(Stored data entries)
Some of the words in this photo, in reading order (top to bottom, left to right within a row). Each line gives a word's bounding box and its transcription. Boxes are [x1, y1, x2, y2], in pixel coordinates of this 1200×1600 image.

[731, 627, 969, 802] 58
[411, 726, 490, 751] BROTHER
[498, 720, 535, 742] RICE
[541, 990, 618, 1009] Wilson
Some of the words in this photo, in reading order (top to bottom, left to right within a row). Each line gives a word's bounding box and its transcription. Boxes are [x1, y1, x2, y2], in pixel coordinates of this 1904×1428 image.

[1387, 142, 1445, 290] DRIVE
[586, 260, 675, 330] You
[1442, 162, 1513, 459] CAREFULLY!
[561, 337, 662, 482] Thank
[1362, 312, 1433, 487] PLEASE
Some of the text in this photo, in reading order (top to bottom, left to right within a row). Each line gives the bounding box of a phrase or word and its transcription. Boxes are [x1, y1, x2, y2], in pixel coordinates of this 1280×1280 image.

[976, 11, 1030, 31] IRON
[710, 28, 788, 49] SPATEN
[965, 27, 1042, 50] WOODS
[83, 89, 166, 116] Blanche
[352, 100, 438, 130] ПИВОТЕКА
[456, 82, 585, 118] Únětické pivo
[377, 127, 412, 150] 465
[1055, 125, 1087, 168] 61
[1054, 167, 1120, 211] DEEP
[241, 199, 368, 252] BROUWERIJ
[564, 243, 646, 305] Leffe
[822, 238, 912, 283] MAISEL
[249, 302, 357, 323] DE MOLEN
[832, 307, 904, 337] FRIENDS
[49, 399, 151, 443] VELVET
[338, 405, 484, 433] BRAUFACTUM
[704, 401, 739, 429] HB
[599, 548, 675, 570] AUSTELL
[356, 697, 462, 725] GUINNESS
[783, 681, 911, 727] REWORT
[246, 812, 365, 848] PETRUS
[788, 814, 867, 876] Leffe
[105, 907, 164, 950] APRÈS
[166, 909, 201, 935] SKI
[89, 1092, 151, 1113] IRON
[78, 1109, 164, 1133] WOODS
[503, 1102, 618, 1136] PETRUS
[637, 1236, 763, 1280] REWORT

- EXERCISE -
Repeat every entry above exactly, leaving nothing out.

- ANSWER SPACE -
Some of the words in this photo, in reading order (top to bottom, left to right within a row). Each line gives a word's bounding box and its transcription. Boxes are [x1, y1, x2, y2], in pixel coordinates of this 1200×1600 image.

[731, 627, 969, 802] 58
[411, 726, 490, 751] BROTHER
[498, 720, 535, 742] RICE
[541, 990, 618, 1009] Wilson
Some of the words in this photo, in reading order (top to bottom, left to right within a row). Each line gives a word's bounding box and its transcription. Boxes are [x1, y1, x2, y2], in pixel coordinates of this 1904×1428 image.

[1387, 142, 1445, 290] DRIVE
[586, 260, 675, 330] You
[1442, 162, 1513, 459] CAREFULLY!
[561, 337, 662, 482] Thank
[1362, 312, 1433, 487] PLEASE
Some of the text in this photo, in reading order (top to bottom, left to right within a row). Each line gives the bounding box of a phrase or word and its transcription. Boxes are [x1, y1, x2, y2], in pixel coordinates of this 1280×1280 image.

[976, 11, 1030, 31] IRON
[710, 28, 788, 49] SPATEN
[965, 27, 1042, 50] WOODS
[83, 89, 166, 116] Blanche
[352, 100, 438, 130] ПИВОТЕКА
[456, 82, 585, 118] Únětické pivo
[377, 127, 412, 150] 465
[1055, 125, 1087, 168] 61
[1054, 167, 1120, 211] DEEP
[241, 199, 368, 252] BROUWERIJ
[564, 243, 646, 305] Leffe
[822, 238, 912, 283] MAISEL
[249, 302, 357, 323] DE MOLEN
[832, 307, 904, 337] FRIENDS
[49, 399, 151, 443] VELVET
[338, 405, 484, 433] BRAUFACTUM
[704, 401, 739, 429] HB
[599, 548, 675, 570] AUSTELL
[356, 697, 462, 725] GUINNESS
[783, 681, 911, 727] REWORT
[246, 812, 365, 848] PETRUS
[788, 814, 867, 876] Leffe
[105, 907, 164, 950] APRÈS
[166, 909, 201, 935] SKI
[89, 1092, 151, 1113] IRON
[78, 1109, 164, 1133] WOODS
[503, 1102, 618, 1136] PETRUS
[637, 1236, 763, 1280] REWORT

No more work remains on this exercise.